Manjares para una unión real

 

Para conmemorar su matrimonio con Catherine Howard, la quinta de sus seis mujeres, el soberano ordenó a los cocineros y sirvientes que preparasen un banquete compuesto de 60 platos diferentes. Hubo desde sabrosos aperitivos como el paté de hígado con nuez moscada, hasta primeros platos: pescado guisado en salsa de vino, pasas y especias y relleno de espinacas, acompañamientos con albóndigas rebozadas en pasta de cerveza y luego fritas, y finalmente exquisitos postres como el de agua de rosas y crema cubierta con clara de huevo y adornada con ramos de hojas. Los excesos cometidos en estos banquetes tuvieron consecuencias nefastas para la salud de Enrique VIII. El rey medía casi 2 m de alto y 137 cm de cintura. Además de ser exageradamente grueso, tenía úlceras y trombosis en las piernas. Por recomendación de su médico, intentaba comer y beber menos, pero la tentación de la comida sabrosa era más fuerte que él.

A cada uno según su rango

 

Ningún banquete, fuese o no real, podía comenzar sin que los catadores oficiales hubiesen probado todos y cada uno de los platos para asegurarse de que no estaban envenenados.

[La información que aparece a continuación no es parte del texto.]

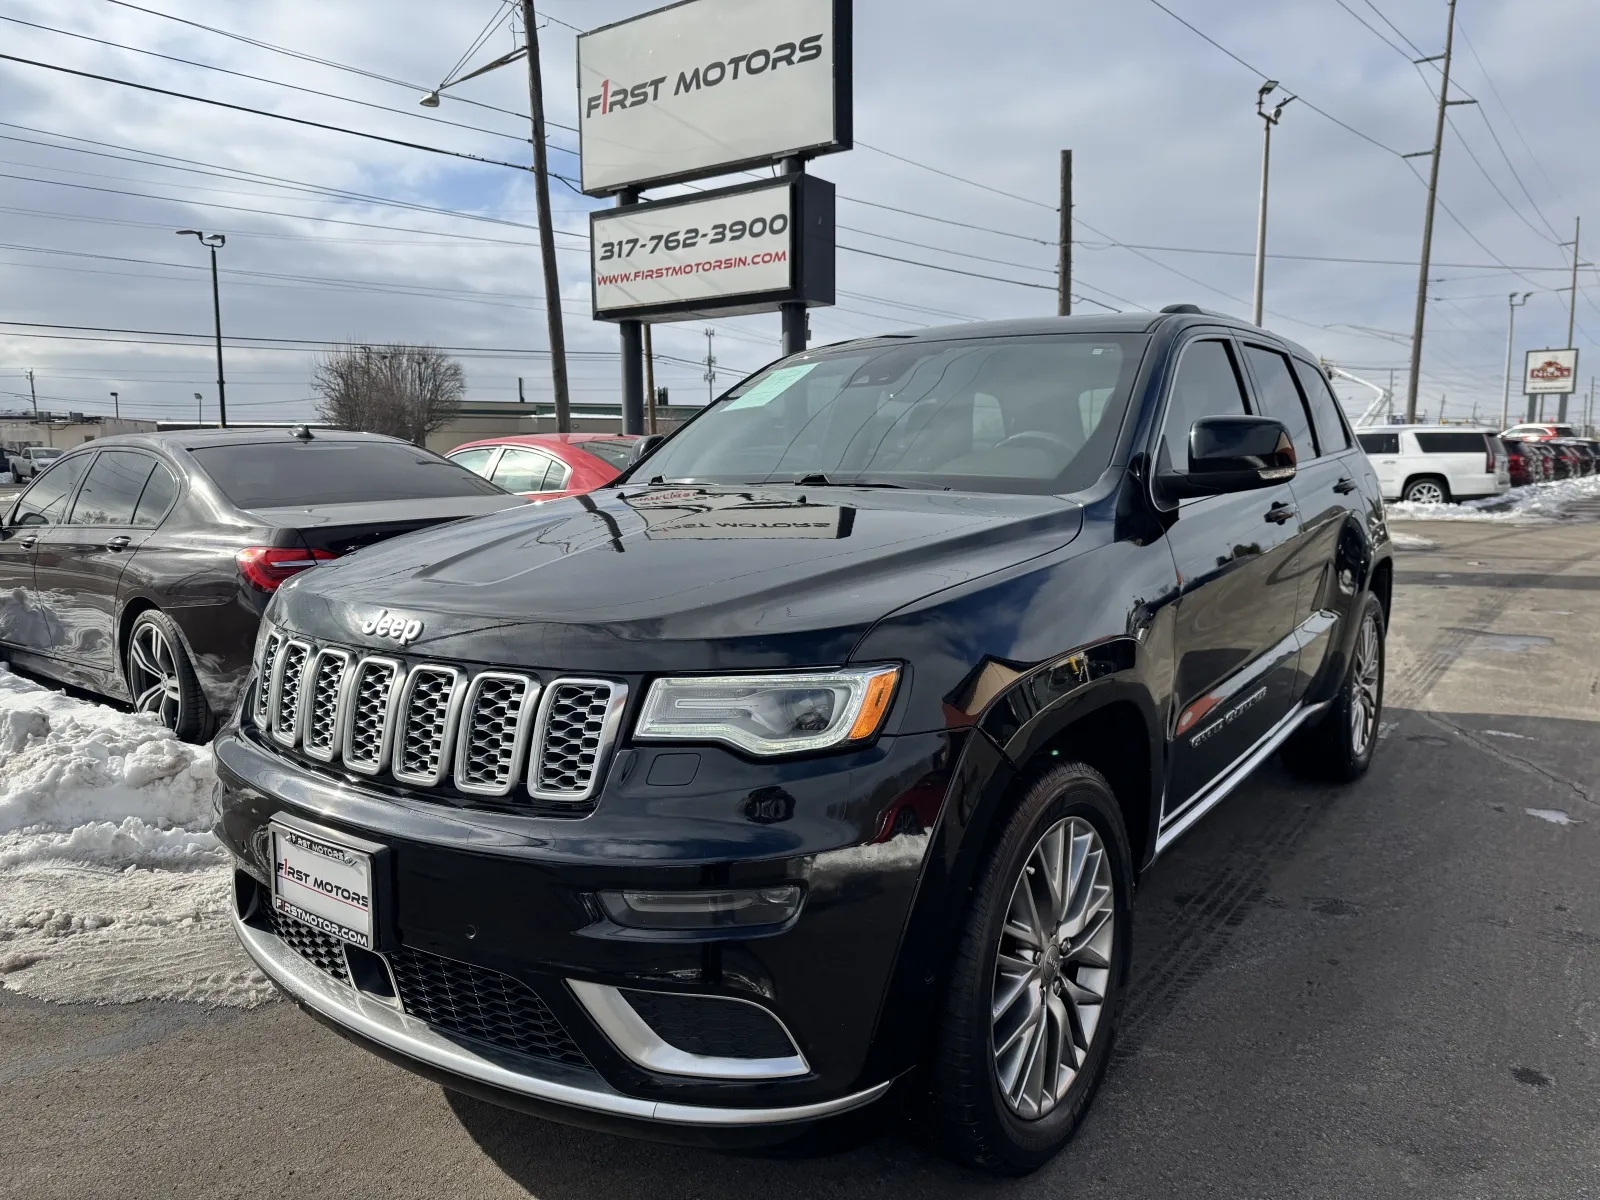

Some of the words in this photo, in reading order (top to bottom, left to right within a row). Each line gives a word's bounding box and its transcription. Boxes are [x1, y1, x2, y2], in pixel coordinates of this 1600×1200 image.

[673, 33, 824, 96] MOTORS
[599, 213, 788, 261] 317-762-3900
[597, 250, 787, 286] WWW.FIRSTMOTORSIN.COM
[361, 610, 424, 646] Jeep
[313, 876, 368, 907] MOTORS
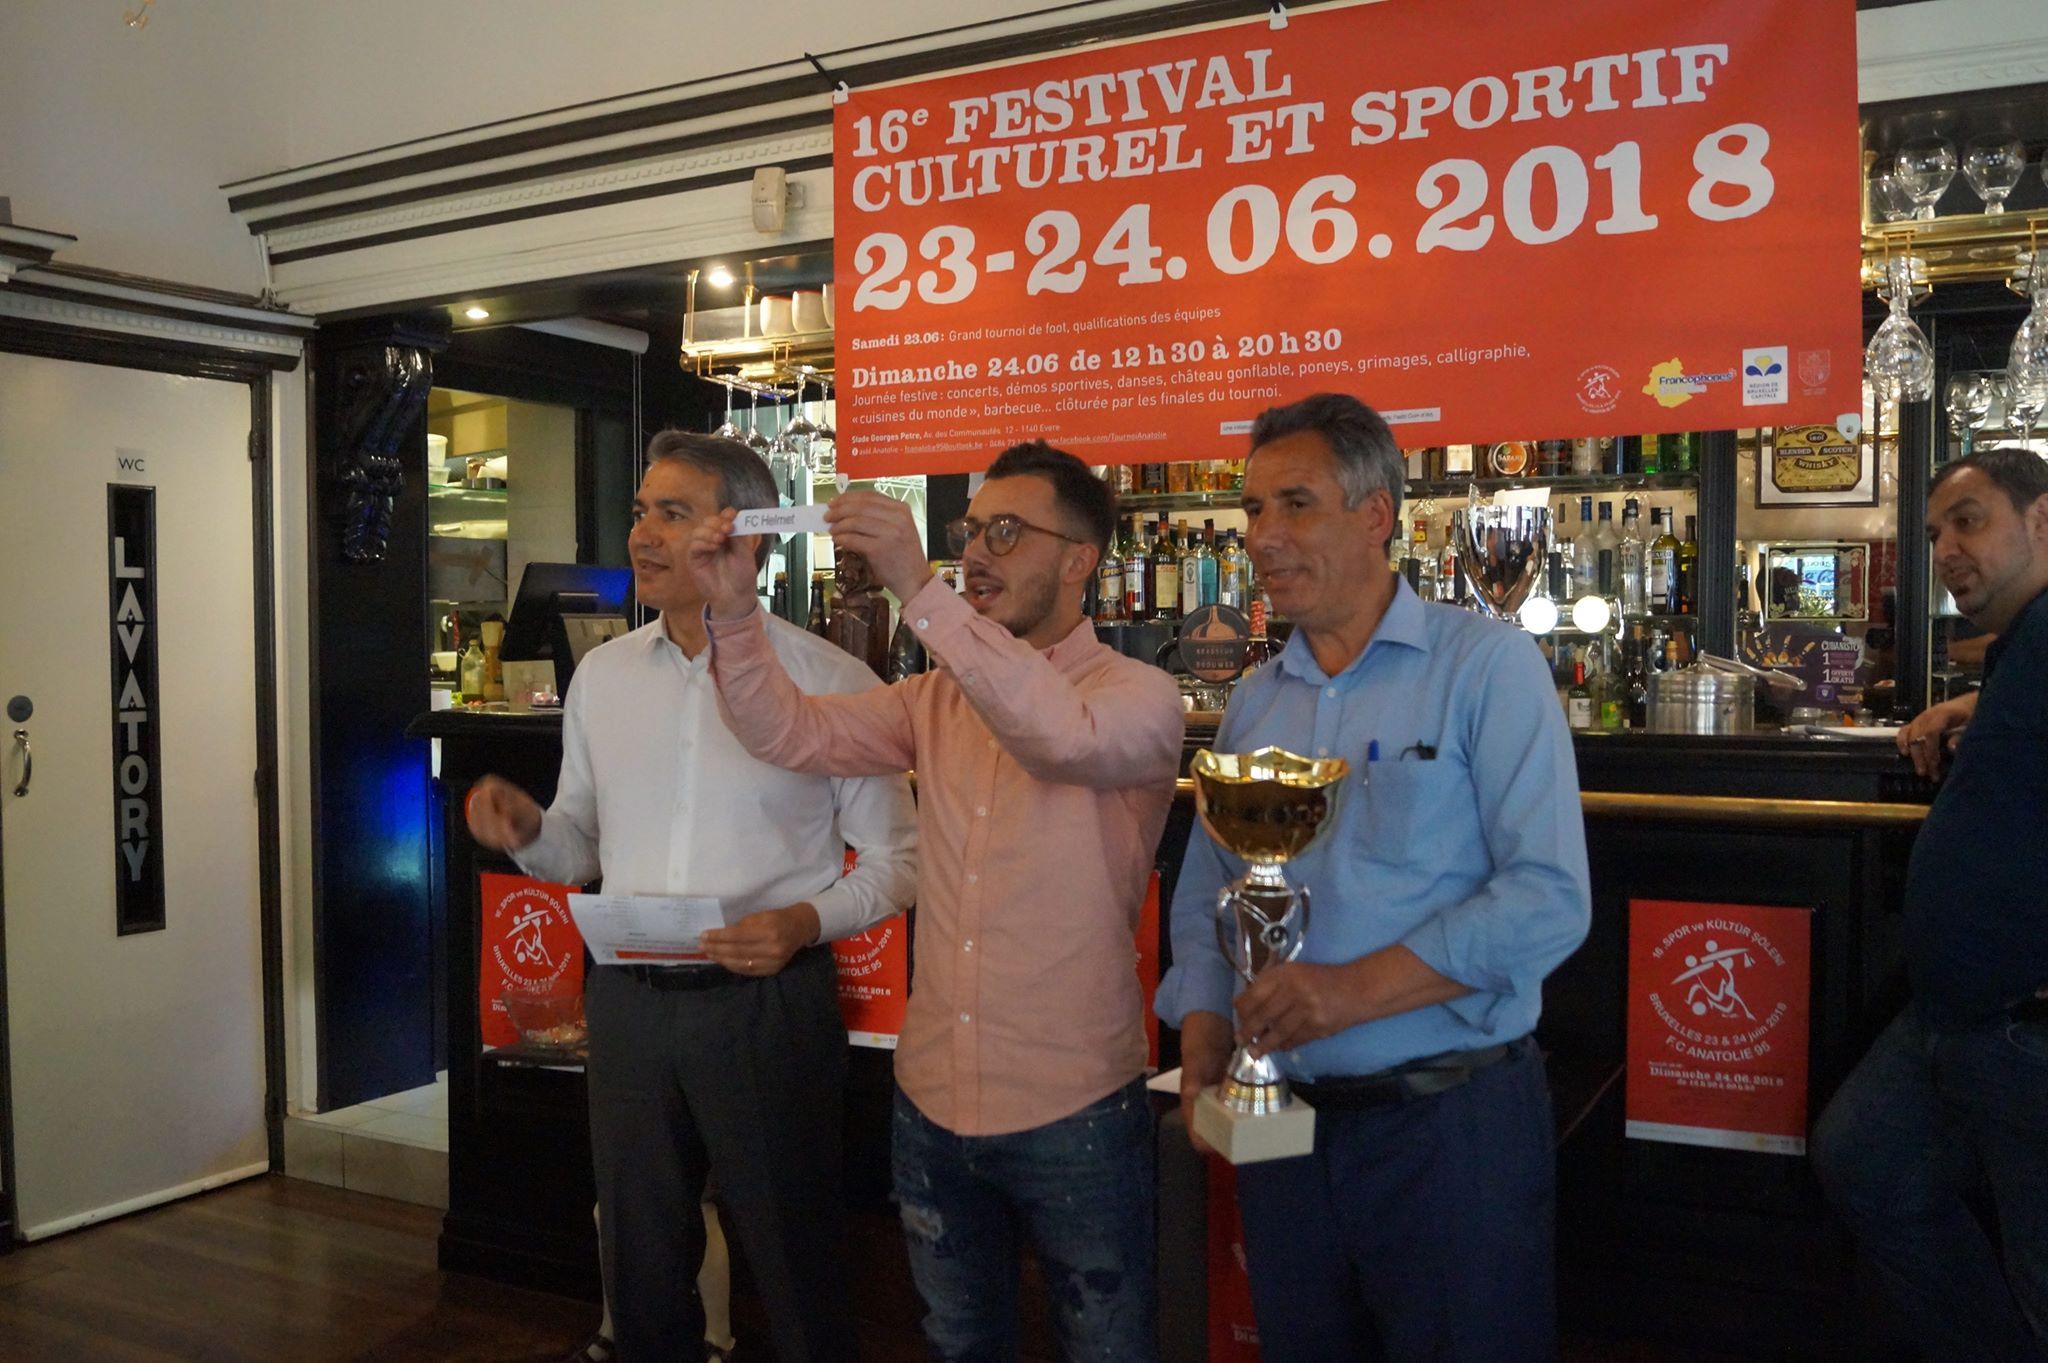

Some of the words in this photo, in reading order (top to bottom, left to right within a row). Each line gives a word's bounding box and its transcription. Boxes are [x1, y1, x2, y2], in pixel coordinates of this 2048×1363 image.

La mesa más alta se servía primero y luego se iba pasando cada plato a los otros invitados según su rango. A los que estaban ubicados en las mesas más bajas les llegaban viandas más modestas, como por ejemplo morcillas o estofado de ciervo con arvejas. En algunos banquetes se condimentaban estas con vinagre, miel, perejil, salvia, cebolla e hinojo. La comida se regaba con grandes cantidades de alcohol, habitualmente rebajado con agua. La nobleza bebía buen vino de Burdeos; otros tomaban cerveza suave. La comida se servía sobre gruesas rodajas de pan rancio con huecos en el medio para absorber el jugo; estas rodajas no se comían, sino que se reunían para dárselas a los pobres después de la comida.